Short story By: donkylemore
Classics


a very personal reflection


Submitted:Nov 23, 2011    Reads: 28    Comments: 2    Likes: 3   


The day I called to my uncle in the family home the wind blew in gusts from the Cliffs of Moher He met me at the gate , and the breeze blew his long grey hair giving him the aspect of a mystic in the gale
He stood beside as I parked he inspected my second hand Jaguar and tapped it 's flanks with his stick , poked its undercarriage as if he were examining a beast at the fair.
- Nice to have the best trap in the parish.- My father always had the best '' - It had met with his approval .We made our way into the kitchen where a robin followed us in twitching furtive hops and perched jauntily on my uncle's head as he sat down.
" Take no notice of him'' - he said dismissively
''He saw the car was gone this morning . Gertie's gone to Dublin'' he said by way of explanation and turned his head smartly to the right , but the birds perch was firm and he remained unperturbed , gazing at me with quirk spasmodic quivers of head as if sizing me up.
My uncle ignored him and he talked of things which had happened since he saw me last .
"-When you went away , you know " he said. ."Well I often thought .... You never know it might be the last time I'd see him , Like when Jimmy and PJ went to the war . You just never know .'' .
He had thought that many times. But never mentioned having said a prayer like so many of his with age who grew more pious with the fleeting years and their own mortality itself .He shook his hand in the manner of a conductor, well rehearsed, ; a graceful sweep , so reminiscent of my father and my deceased uncle , and my grandfather who all had this same exact mannerism .
He went to the cupboard , took something down and clasped it in his fist while he continued to talk of the ancient tribe we'd all come from.

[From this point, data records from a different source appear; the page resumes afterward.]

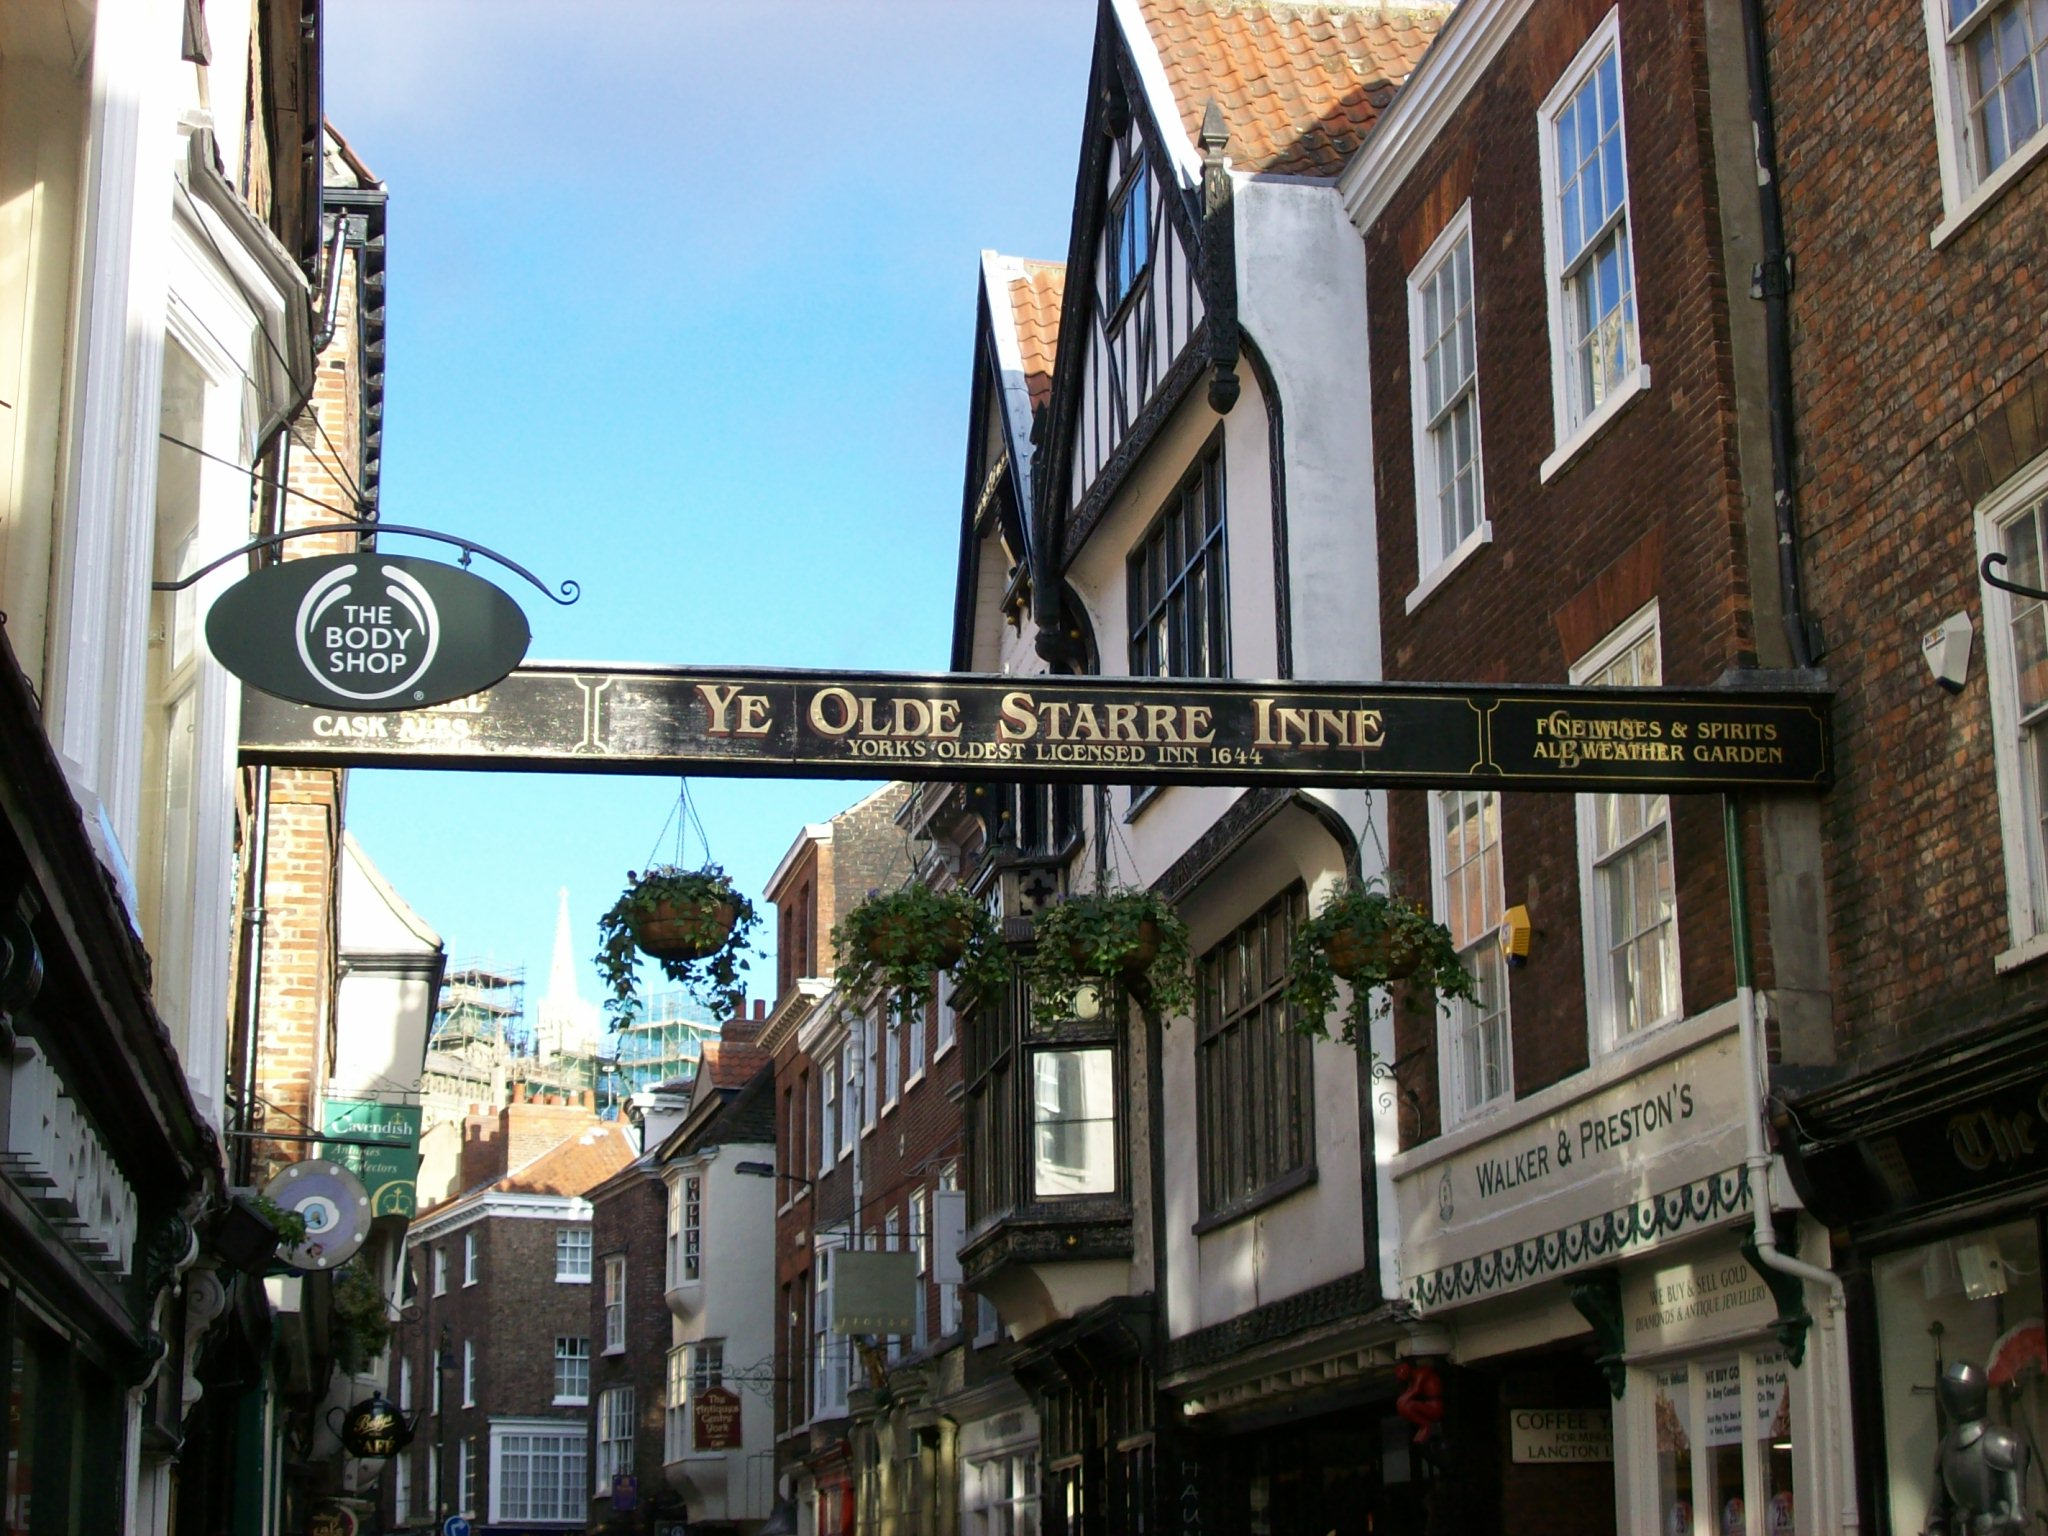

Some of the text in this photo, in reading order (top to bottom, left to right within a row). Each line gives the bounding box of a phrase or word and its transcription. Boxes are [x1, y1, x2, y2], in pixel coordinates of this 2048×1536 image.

[344, 606, 392, 624] THE
[326, 627, 412, 649] BODY
[330, 652, 407, 673] SHOP
[313, 715, 472, 740] CASK ALES
[1671, 722, 1687, 738] &
[1697, 723, 1777, 740] SPIRITS
[849, 738, 1263, 765] YORK'S OLDEST LICENSED INN 1644
[1582, 743, 1685, 761] WEATHER
[1694, 745, 1783, 763] GARDEN
[331, 1115, 413, 1136] Cavendish
[1476, 1083, 1693, 1198] WALKER & PRESTON'S
[1946, 1106, 2036, 1172] The
[688, 1178, 698, 1268] GALLERY
[1649, 1265, 1747, 1306] WE BUY & SELL GOLD
[1636, 1284, 1767, 1332] DIAMONDS & ANTIQUE JEWELLERY
[1516, 1412, 1588, 1430] COFFEE
[1528, 1445, 1599, 1459] LANGTON

Then he threw crusts of bread on the flag stone floor and the robin studied these before nimbly popping down .
|"- now ''
And I asked him about the bird ; looked in amazement at the casual relationship between man and bird What wisdom did beat in its tiny heart . What urgings made him seek companionship in this gentle old man . What innocence beneath the red breast ,drew him to this room ,year after year ; faithful to his solitary companion ; fearless distrustful only of those he sensed antipathy somehow from his host .
"He's very brave now "- my uncle said bending to the little bird.
" Isn't he the brave little fellow entirely , but wait till Gertie gets home - you'll see his bravado then -'' he talked in a slow , half mockingly to the little bird who seemed to look a little defiantly at once then with curiosity at the slow undulating ponderous pitch of people who talk beyond the guest or walls . And there was a a world , I was without. Never could I be in this hallowed place between bird and man .
My uncle was not a drinking man . None of them were except my father.
- you'll have to have a drink he said. In honour of the occasion … it isn't often '' .. He said trailing out to the front room . I could hear him say ; '' there's gin and whiskey and Port. Whiskey Is the mans drink he said returning to the kitchen and getting a glass from the cupboard
Your father drank whiskey - he said filling the pint glass half full.
He was not a drinking man . But he could be as hospitable as one taking no moral position on his abstinence .It never interested me ,He told me . I tried it once but I couldn't stand the taste..
It was a July afternoon and the sun beat down with unusual intensity .With the back door and front door open a cool breeze flowed through the house and I could sense the smell of the Atlantic across the fields. Not a time for drinking whiskey but for open fields and wild skies and the slated walls of Clare which stood crookedly dividing fields
And I thought of the frowned land and the many hands which put the plough to this soil, through times of hardship through the cilvil war .
What histories of these people held here in this furrows. The history of all my clan , and I saw in the weathered lined on my uncle's face an image of their toil ; fervent determined beyond prayer or sanctity ; without pride or piety . Men who struggled in quite patience of their ways. With gulls and other birds following the plough shears as the soil opened once more for growing in the Spring . When the clay was turned and some souls trembled in the clay in the graveyard above the village where my grandfather was buried , but not my grandmother. She was buried with her people some few miles away .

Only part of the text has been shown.